Energy and policy considerations for deep learning in NLP
NLP Estimating Energy Carbon Emissions
Authors: Emma Strubell, Ananya Ganesh, Andrew McCallum
Published in: Arxiv.
Abstract: Recent progress in hardware and methodology for training neural networks has ushered in a new generation of large networks trained on abundant data. These models have obtained notable gains in accuracy across many NLP tasks. However, these accuracy improvements depend on the availability of exceptionally large computational resources that necessitate similarly substantial energy consumption. As a result these models are costly to train and develop, both financially, due to the cost of hardware and electricity or cloud compute time, and environmentally, due to the carbon footprint required to fuel modern tensor processing hardware. In this paper we bring this issue to the attention of NLP researchers by quantifying the approximate financial and environmental costs of training a variety of recently successful neural network models for NLP. Based on these findings, we propose actionable recommendations to reduce costs and improve equity in NLP research and practice.Bibtex (copy):
Measures the energy consumption and carbon footprint of training state-of-the-art natural language processing (NLP) models. The authors estimate energy consumption by collecting the reported time required to train those models and the average power consumption of the GPU hardware. The authors also factored in the energy consumption of cooling down the system, using the Power Usage Effectiveness (PUE) coefficient – 1.58 as of 2018.
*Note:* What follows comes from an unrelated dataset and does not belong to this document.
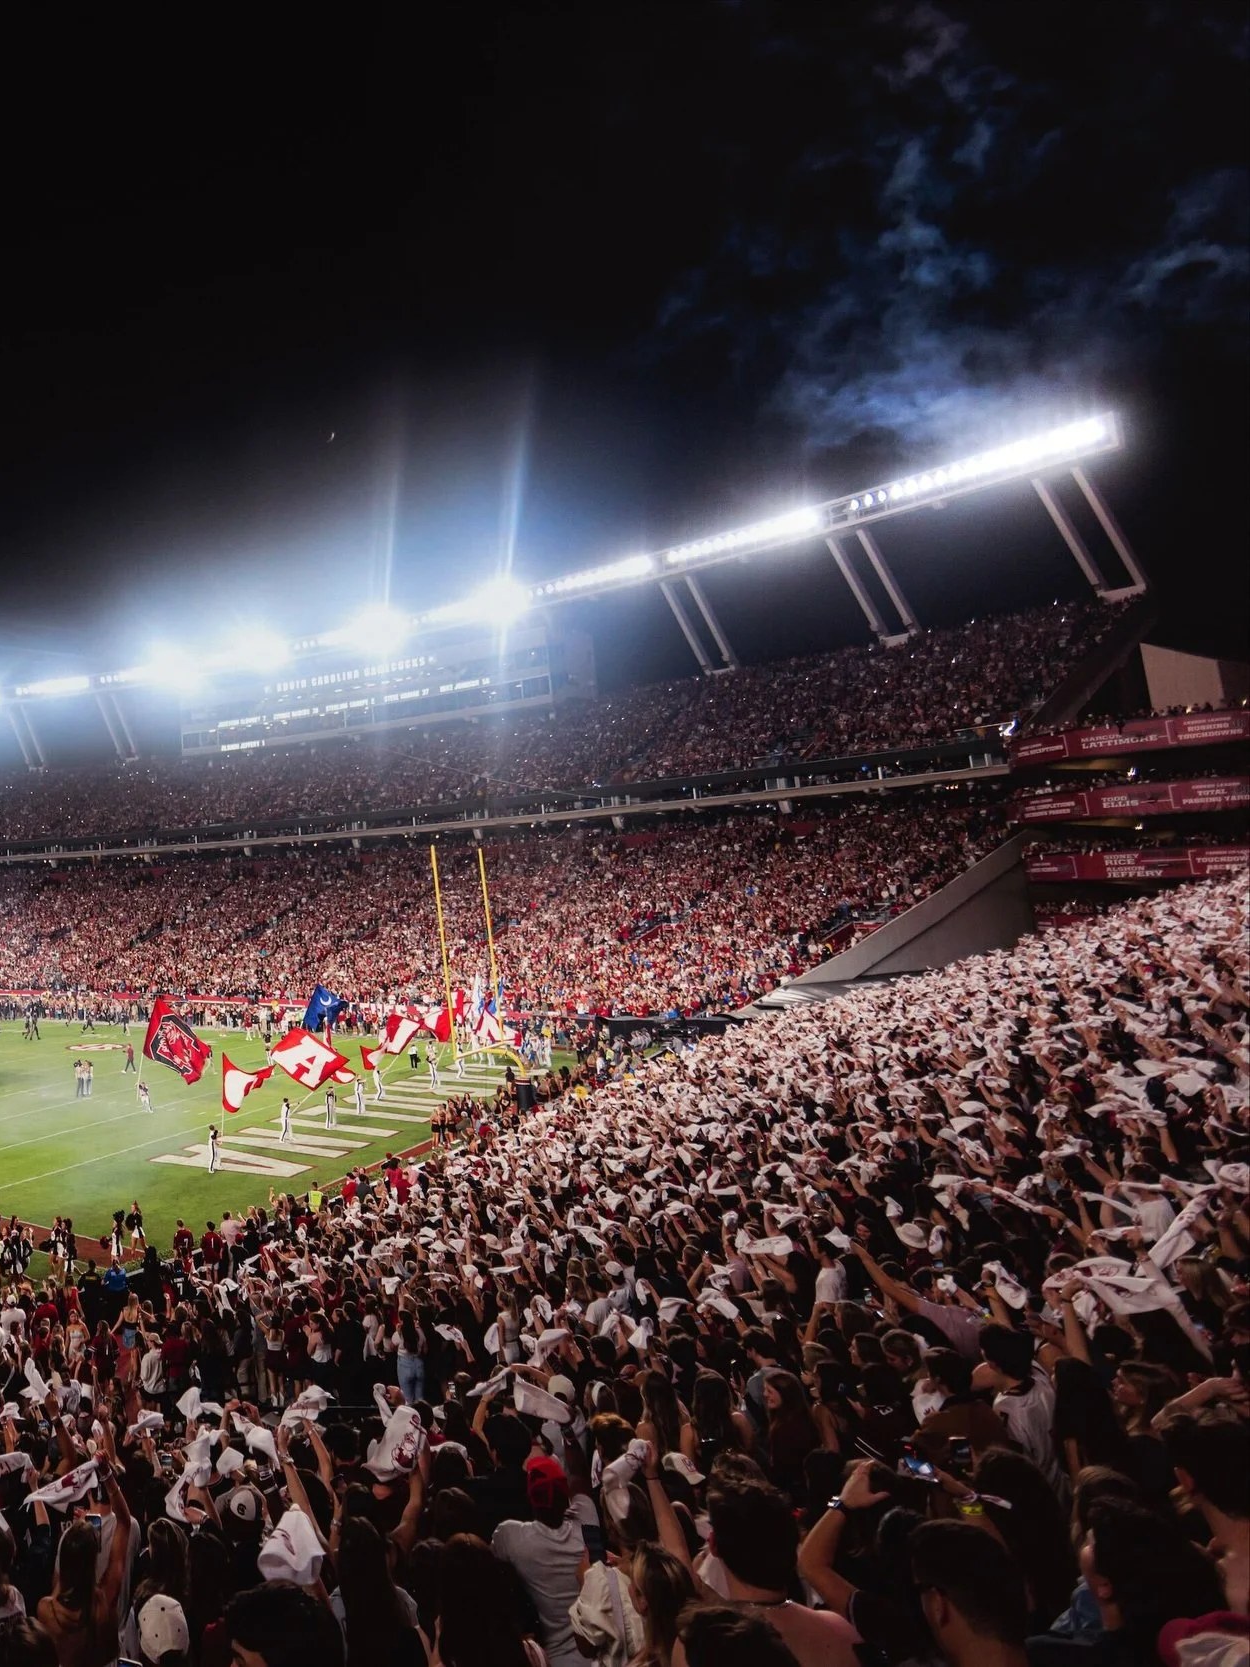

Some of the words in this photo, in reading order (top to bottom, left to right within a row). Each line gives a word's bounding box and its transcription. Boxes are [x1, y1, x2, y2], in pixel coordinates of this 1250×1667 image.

The carbon footprint is estimated based on the average CO2eq produced for power consumed in US, as reported in 2018. Moreover, they calculated the carbon footprint of training their own NLP model, including the footprint of developing the model. Based on their development logs, they factored in 4789 jobs including, for example, 123 hyperparameter grid searches. The cost of development is very important because training their model takes 120 hours, but it took 239942 hours of training time to perform the full R&D required to develop the model.
This paper calls for the importance of 1) reporting training time and sensitivity to hyperparameters of ML models, 2) having equitable access to computation resources amongst academics, 3) prioritising computationally efficient hardware and algorithms.